Climbing a skyscraper for the 25th time in a day quickly erodes the novelty of virtual reality.
For over three years, Attila Kardos was one of the quality assurance testers at PlayStation Liverpool, one of the testing centers of Sony Interactive Entertainment Europe. During his tenure, he worked on first-party behemoths like God of War, Horizon: Zero Dawn, and Detroit: Become Human. But today, heʼs talking about a different type of testing involving a headset and physically mimicking movements for multiple hours at your office desk.
In games like Blood & Truth, where you take a starring role in action movie-esque setpieces, the fun factor of virtual reality quickly makes itself apparent. However, experiences like this can be taxing. A player can stop at any time. A tester doesnʼt have that luxury. It doesnʼt take long for the monotonous physical effort to take a toll. And then they have to show up at work the next day and do it all again.
Job Simulator
“Eventually, you start feeling your shoulders,” Kardos laughs. “You feel the extra muscle pain.”
On average, he spent five to six hours a day in VR. He says it was “pretty intense,” to the extent that some colleagues asked management to swap to non-VR projects. Eventually, Kardos got acclimatized to working in virtual reality and recalls the experience fondly. However, during the first two weeks, heʼd often feel “detached from reality” whenever he moved his head around after clocking out from work.

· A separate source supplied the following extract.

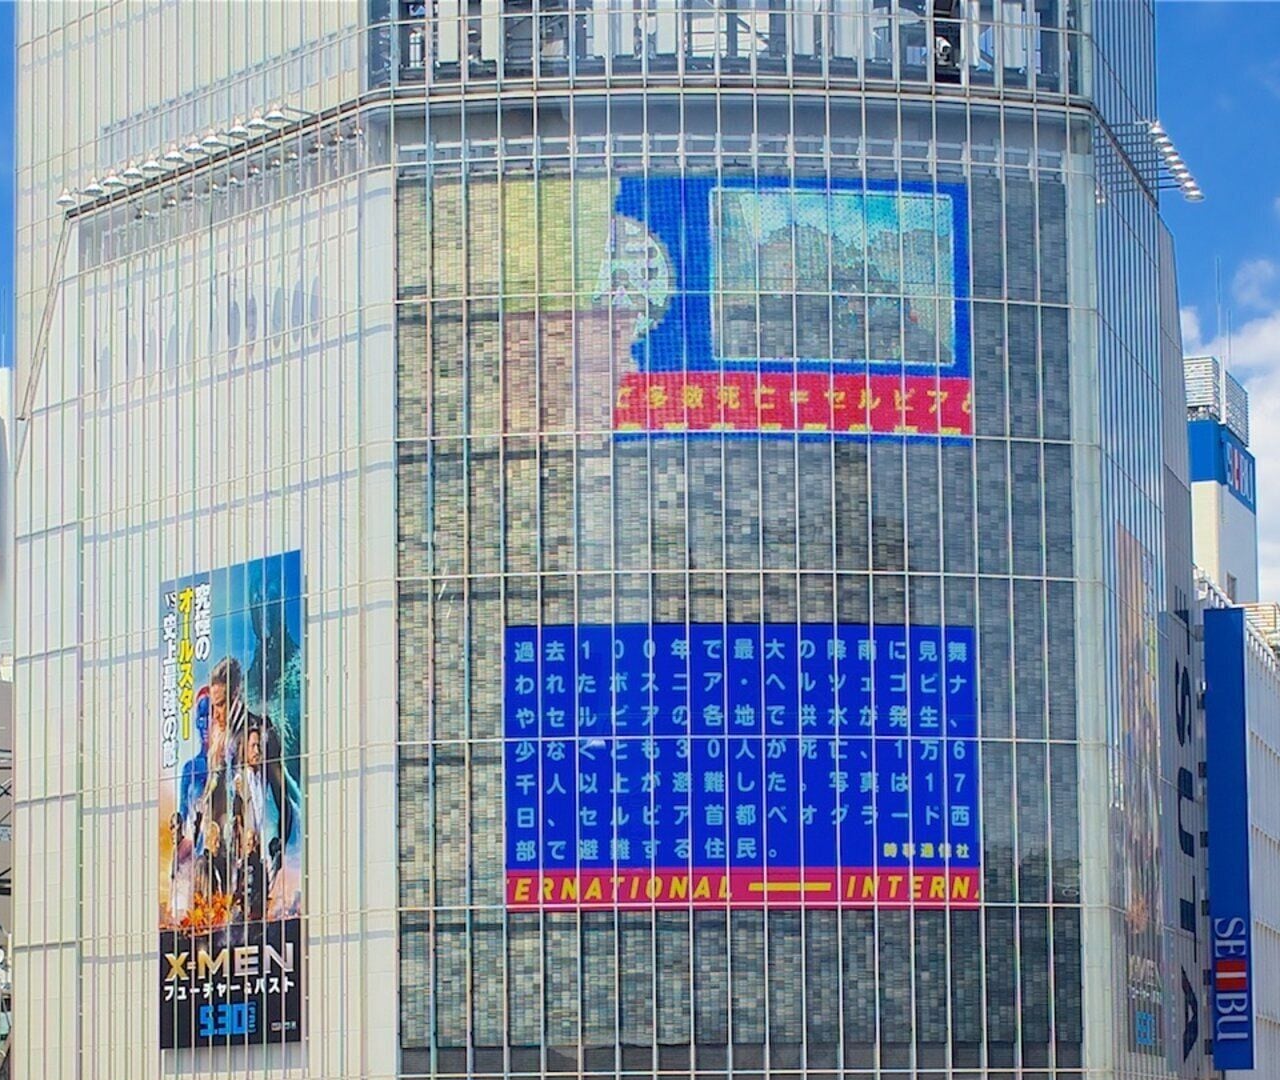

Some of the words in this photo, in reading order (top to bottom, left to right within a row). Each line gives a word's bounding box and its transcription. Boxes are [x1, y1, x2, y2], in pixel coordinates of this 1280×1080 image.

[178, 587, 194, 740] オールスター
[1214, 916, 1249, 1042] SEIBU

As companies continue to iterate on past foundations or release new platforms altogether, from PlayStation to Apple, VR is constantly innovating. But the work conditions for QA folks who learn the inside out of these technologies rarely are. Game Informer spoke to testers, artists, and engineers who worked on VR games like Beat Saber, Job Simulator, Cosmonious High, Resident Evil 4 VR, and Blood & Truth about the differences with regular testing, how elements like physicality and hygiene come into play, unorthodox workarounds, and the unsung tradition of ginger candy.
Rift
Into Another Dimension
VR leaping into the mainstream meant new considerations for game development. And, as a consequence, testing. In order to understand the differences with traditional QA practices, itʼs important to look back at the technologyʼs origins to understand how impactful of a precedent it would set.
Few studios have the institutional knowledge of Owlchemy Labs. Based in Austin, Texas, the team began experimenting with the technology when the HTC Vive and Oculus Rift were only prototypes. There was no documentation or beginnerʼs manual. As promising as this empty virtual canvas was, it was a long time until the studio saw that potential materialized. “We had a very early headset that would shock you if you touched it on the wrong part of the circuit board,” says Graeme Borland, gameplay director at Owlchemy since 2013. “[It was] that level of true prototype.”
Multiple new considerations quickly came into play. Comfort, both inside and outside the headset, was paramount. As a principle, it intertwined with everything: locomotion methods, figuring out how elements like framerate and draw distances could make or break the experience, and the fact that visual bugs could lead to immediate discomfort.
Cosmonious High
During the first few years of the main headset companies, trial and error and experimentation led to different ideas. Unlike Owlchemyʼs Job Simulator, which had sold over a million copies by 2020, not every early project managed to successfully combine its ideas with this emerging technology. Such was the case of Rigs: Mechanized Combat League, developed by Guerrilla Cambridge and published by Sony.
“It was the first version of PlayStation VR, so we had resolution problems, sweaty eyes, everything was very fresh,” Kardos says. Rigs was his first project. In it, youʼre sitting in the cockpit of a mech – the movement of the robotʼs head, and as a result, your view direction, was controlled with the VR headset, while the body relied on the controller. Kardos thinks thatʼs one of the things that compromised the end result, as it was “absolutely dreadful” to run around and fight in arenas. As a fast-paced shooter with multiplayer modes, there were many things happening on screen at all times. It didnʼt take long to feel dizzy.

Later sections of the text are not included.